Task — When you reach the line containing "this 1600×1200 image.", please repeat it and every line after it exactly, through the end of the listing below, skipping pictures.

● ● ● ● ●

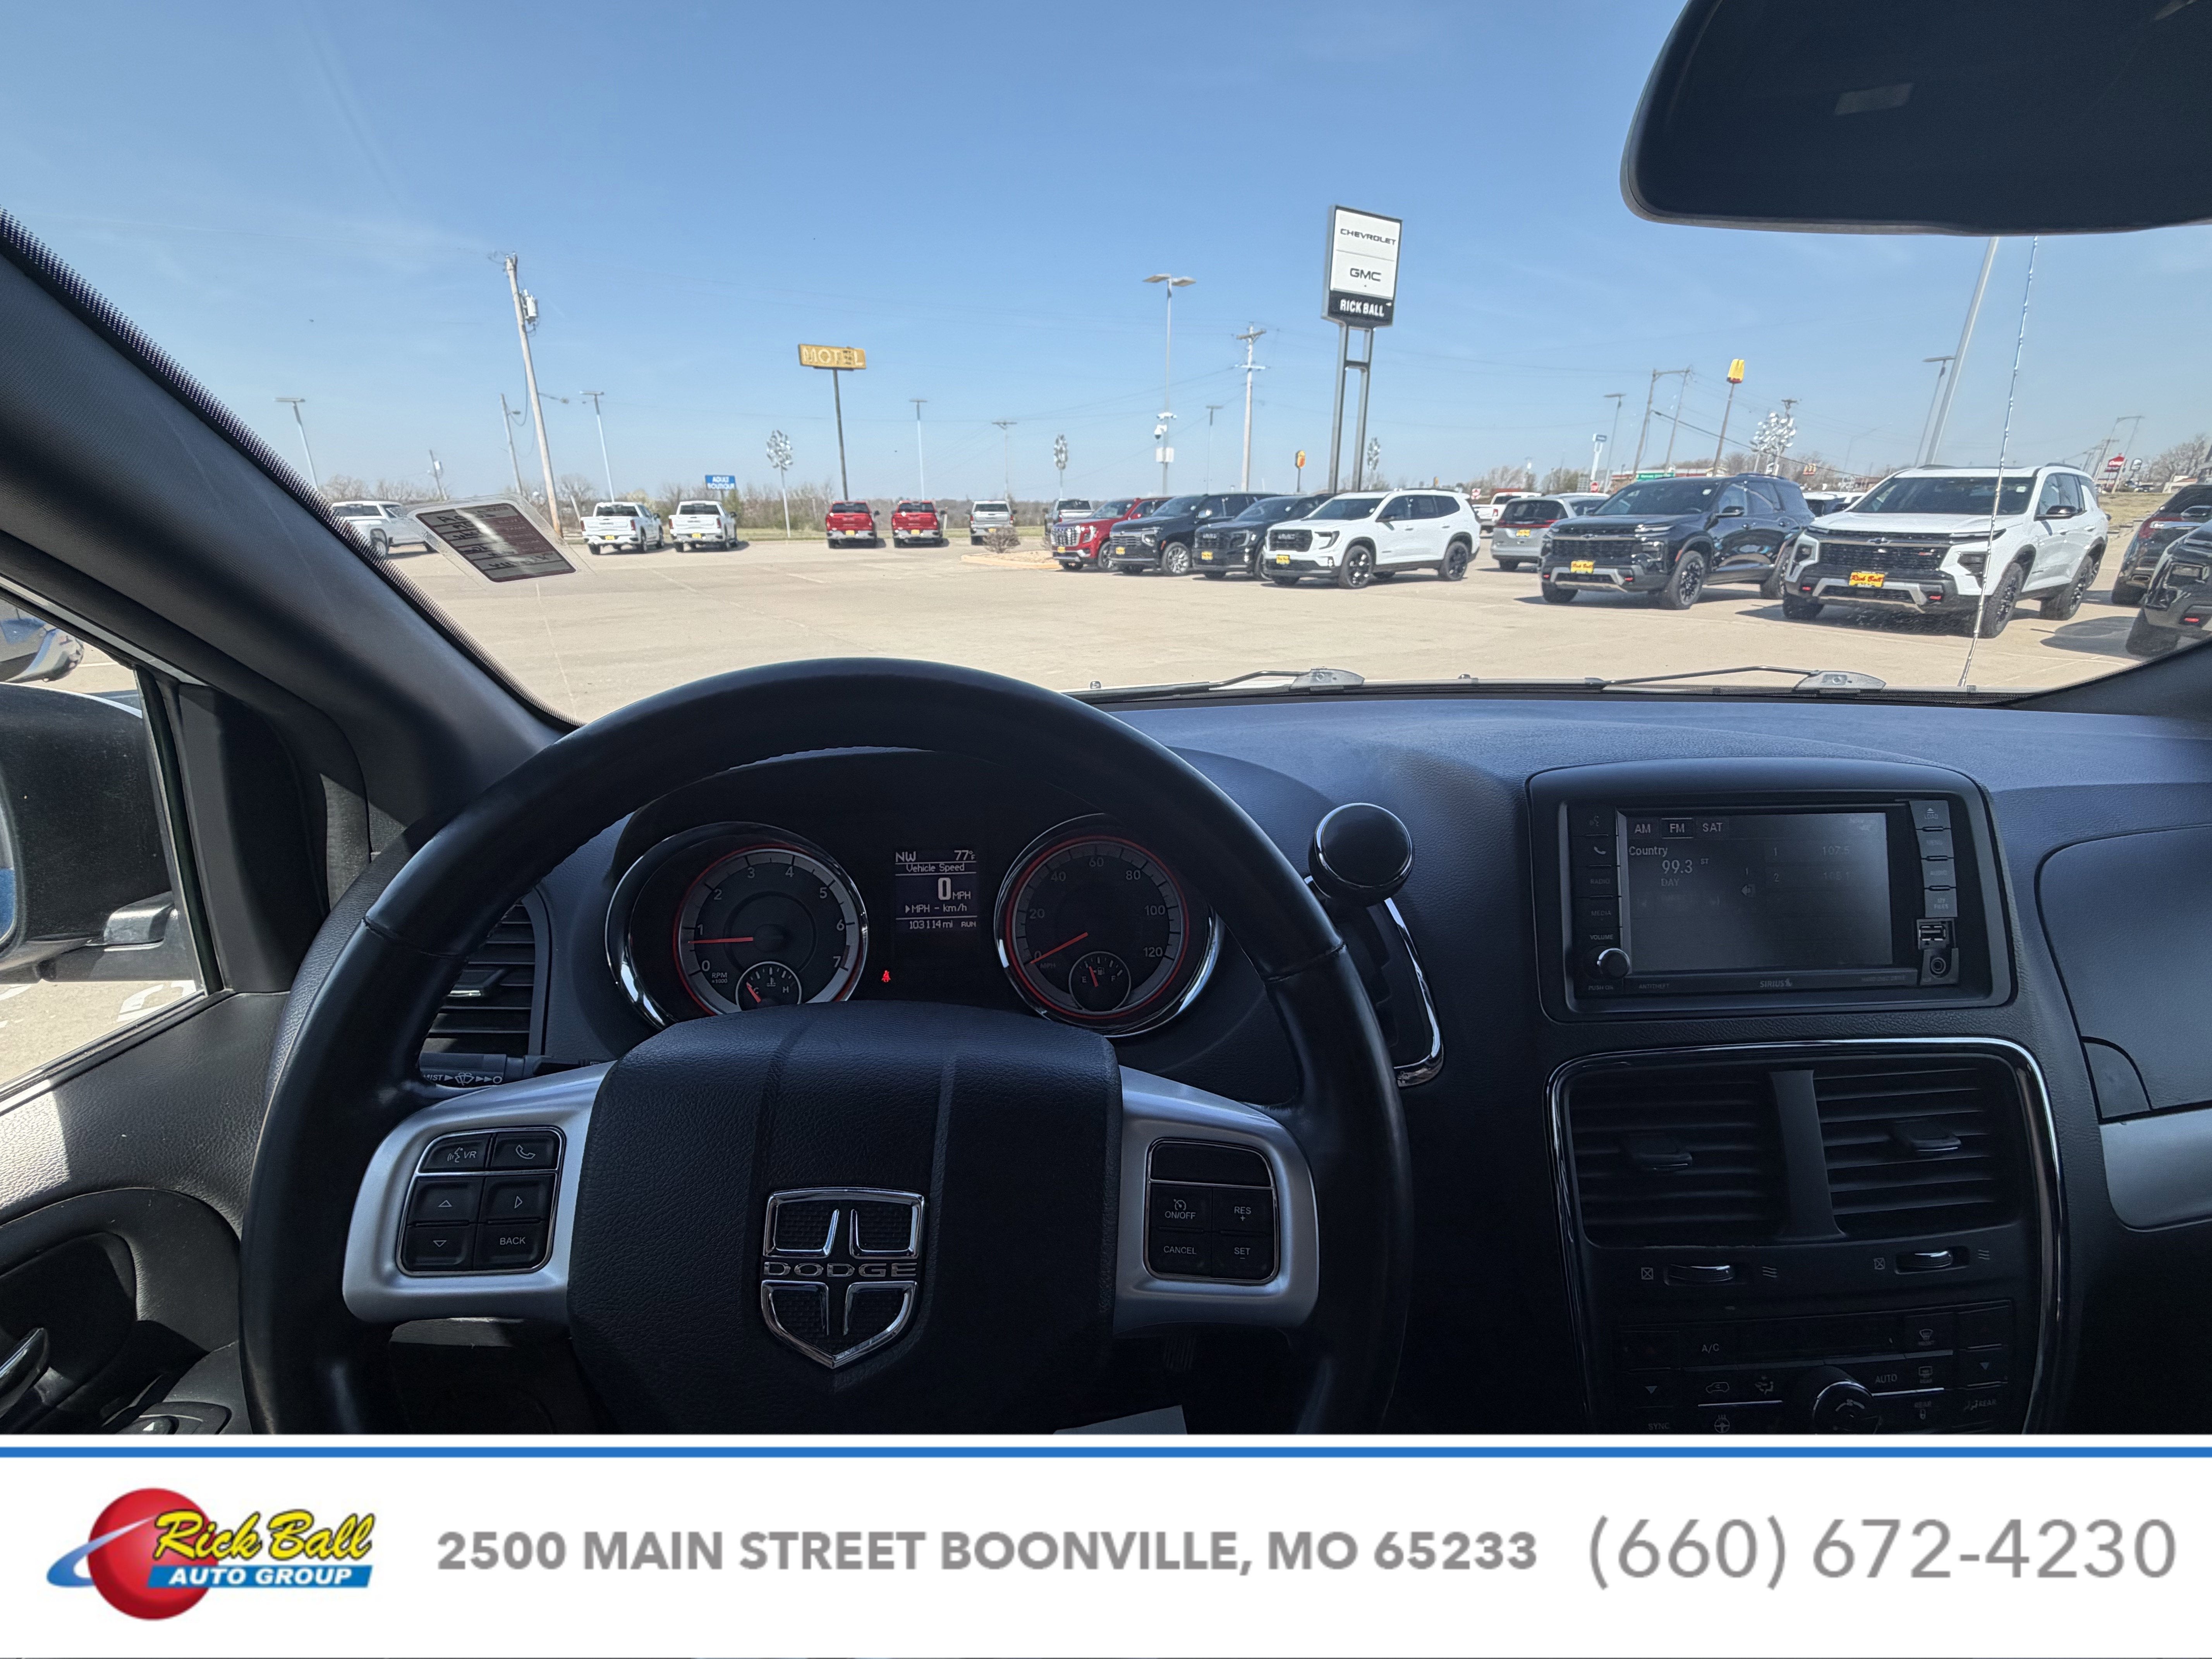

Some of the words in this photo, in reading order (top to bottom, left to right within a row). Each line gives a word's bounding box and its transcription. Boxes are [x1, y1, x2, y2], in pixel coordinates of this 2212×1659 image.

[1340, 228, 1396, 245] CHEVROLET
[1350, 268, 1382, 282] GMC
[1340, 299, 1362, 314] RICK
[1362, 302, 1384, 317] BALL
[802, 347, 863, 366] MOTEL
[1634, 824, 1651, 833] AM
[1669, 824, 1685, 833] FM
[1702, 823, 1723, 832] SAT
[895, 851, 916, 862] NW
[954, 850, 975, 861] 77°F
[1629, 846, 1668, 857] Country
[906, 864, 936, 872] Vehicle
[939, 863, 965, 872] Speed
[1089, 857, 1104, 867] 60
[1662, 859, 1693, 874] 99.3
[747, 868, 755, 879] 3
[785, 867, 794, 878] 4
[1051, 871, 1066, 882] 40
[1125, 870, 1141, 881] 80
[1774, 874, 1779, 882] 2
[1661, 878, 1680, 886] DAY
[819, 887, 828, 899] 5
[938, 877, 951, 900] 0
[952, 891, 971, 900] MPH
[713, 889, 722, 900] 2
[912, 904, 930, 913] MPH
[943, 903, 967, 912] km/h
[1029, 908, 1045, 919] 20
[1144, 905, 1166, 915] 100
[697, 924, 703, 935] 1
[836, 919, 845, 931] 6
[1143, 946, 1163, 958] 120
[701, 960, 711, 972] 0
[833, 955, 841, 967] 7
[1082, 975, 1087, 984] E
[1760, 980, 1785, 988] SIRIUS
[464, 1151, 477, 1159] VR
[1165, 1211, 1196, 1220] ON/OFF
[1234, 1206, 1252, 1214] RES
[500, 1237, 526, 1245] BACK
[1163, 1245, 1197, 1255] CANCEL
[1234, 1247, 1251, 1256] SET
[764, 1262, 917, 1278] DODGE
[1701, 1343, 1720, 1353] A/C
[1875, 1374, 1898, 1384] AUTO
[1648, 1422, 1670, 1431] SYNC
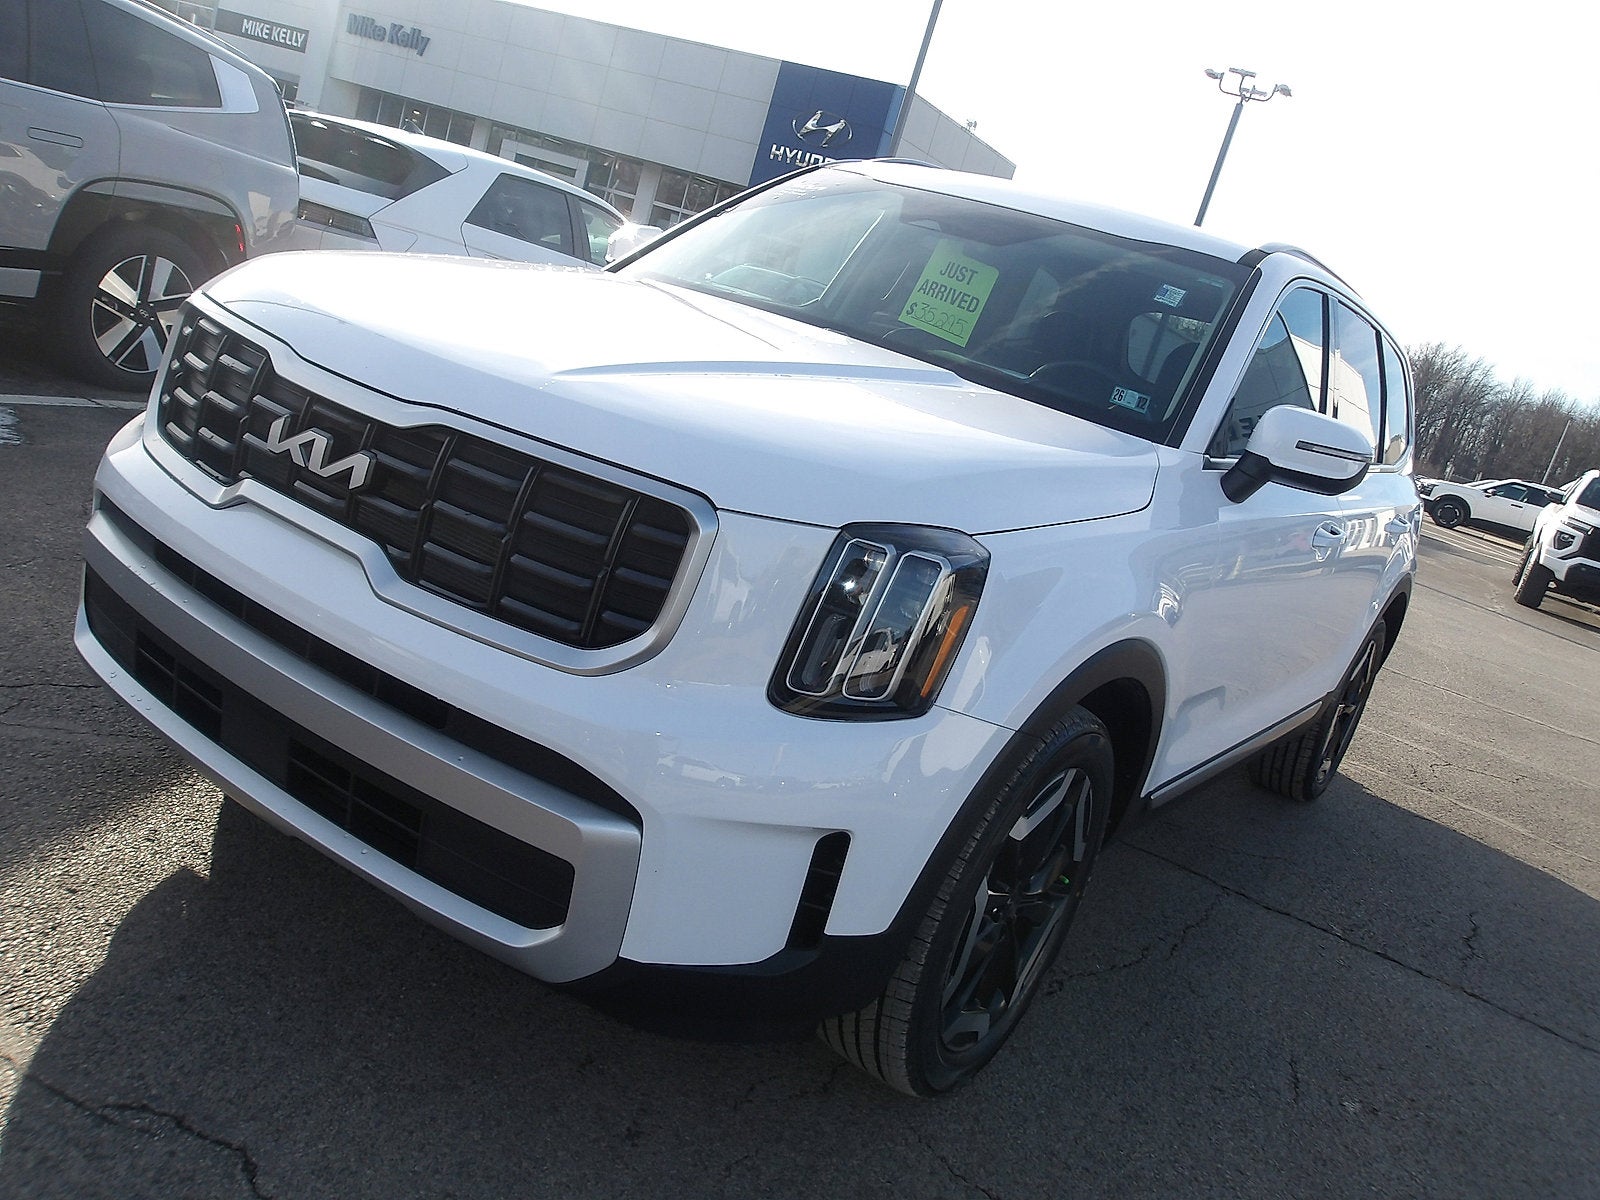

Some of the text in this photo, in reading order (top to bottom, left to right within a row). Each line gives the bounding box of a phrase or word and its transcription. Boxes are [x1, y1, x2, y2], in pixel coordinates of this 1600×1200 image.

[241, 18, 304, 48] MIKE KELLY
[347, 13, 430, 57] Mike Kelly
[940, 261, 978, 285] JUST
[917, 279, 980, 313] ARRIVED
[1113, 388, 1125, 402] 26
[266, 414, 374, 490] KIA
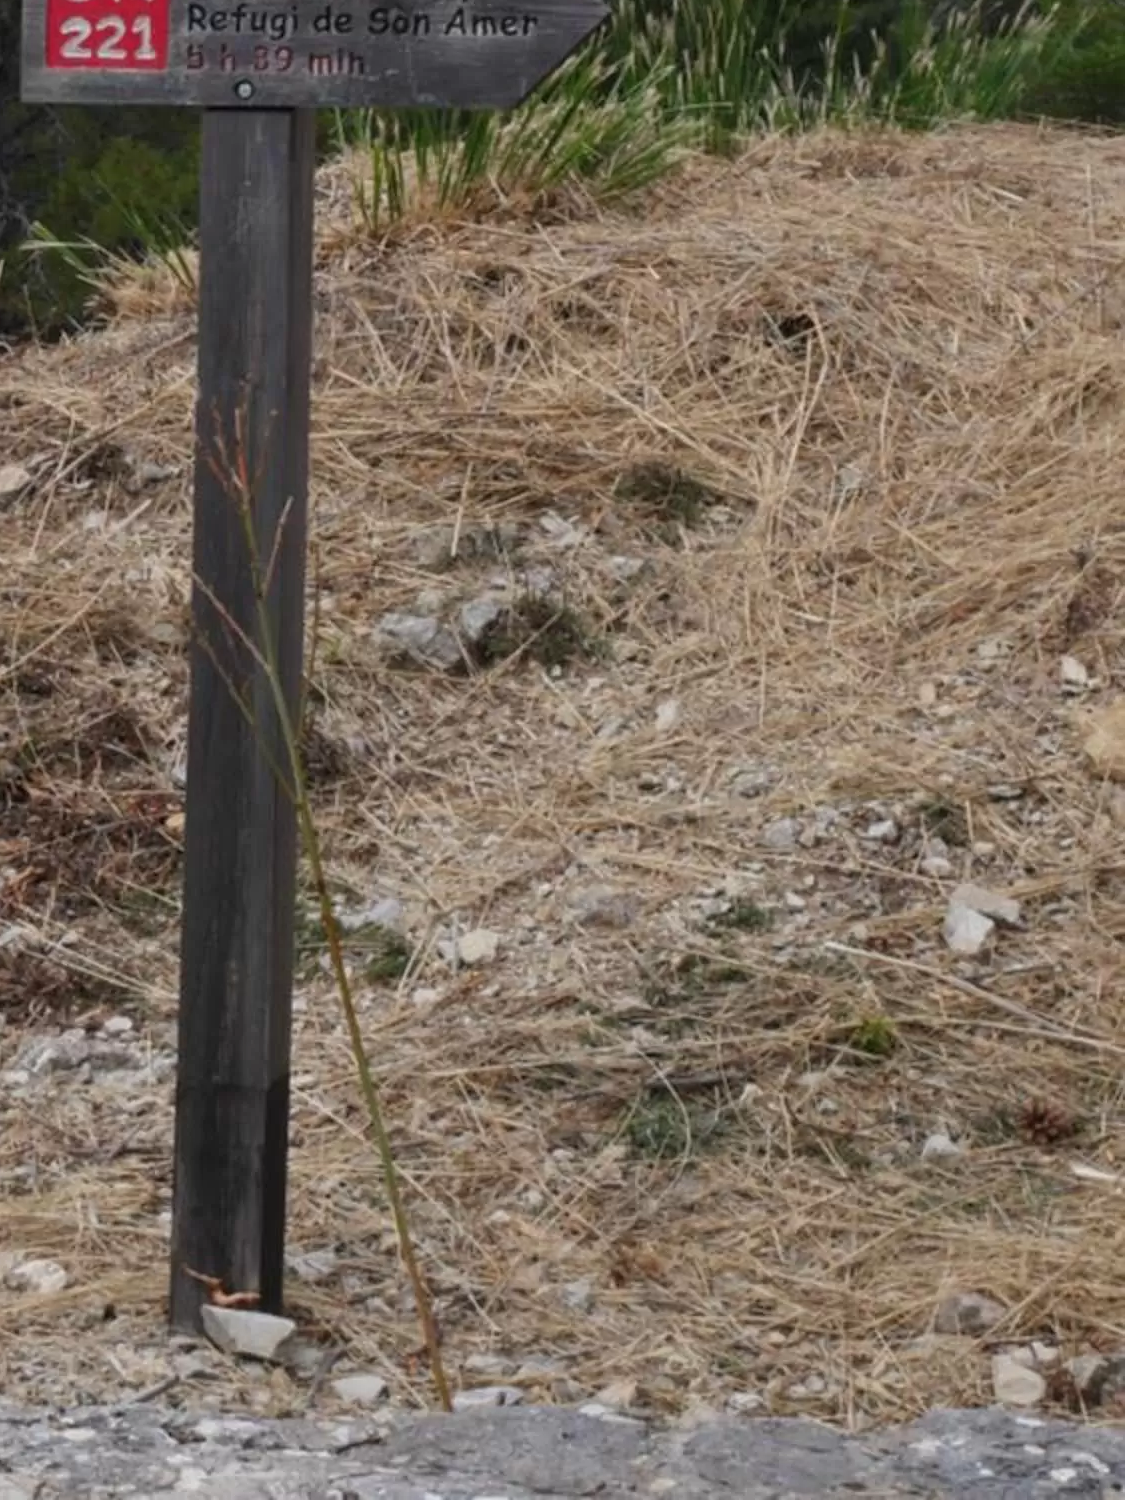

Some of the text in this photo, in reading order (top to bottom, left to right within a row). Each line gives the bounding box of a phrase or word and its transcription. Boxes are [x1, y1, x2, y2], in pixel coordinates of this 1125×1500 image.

● ● ● ● ●

Reply —
Some of the text in this photo, in reading order (top to bottom, left to right within a row). Each line gives the bounding box of a phrase or word and its transcription. Boxes are [x1, y1, x2, y2], in pixel coordinates of this 1600×1200 image.

[241, 18, 304, 48] MIKE KELLY
[347, 13, 430, 57] Mike Kelly
[940, 261, 978, 285] JUST
[917, 279, 980, 313] ARRIVED
[1113, 388, 1125, 402] 26
[266, 414, 374, 490] KIA

Some of the text in this photo, in reading order (top to bottom, left to right within a row). Each line gives the bounding box of a phrase or word and its transcription. Boxes are [x1, y1, x2, y2], in pixel coordinates of this 1125×1500 image.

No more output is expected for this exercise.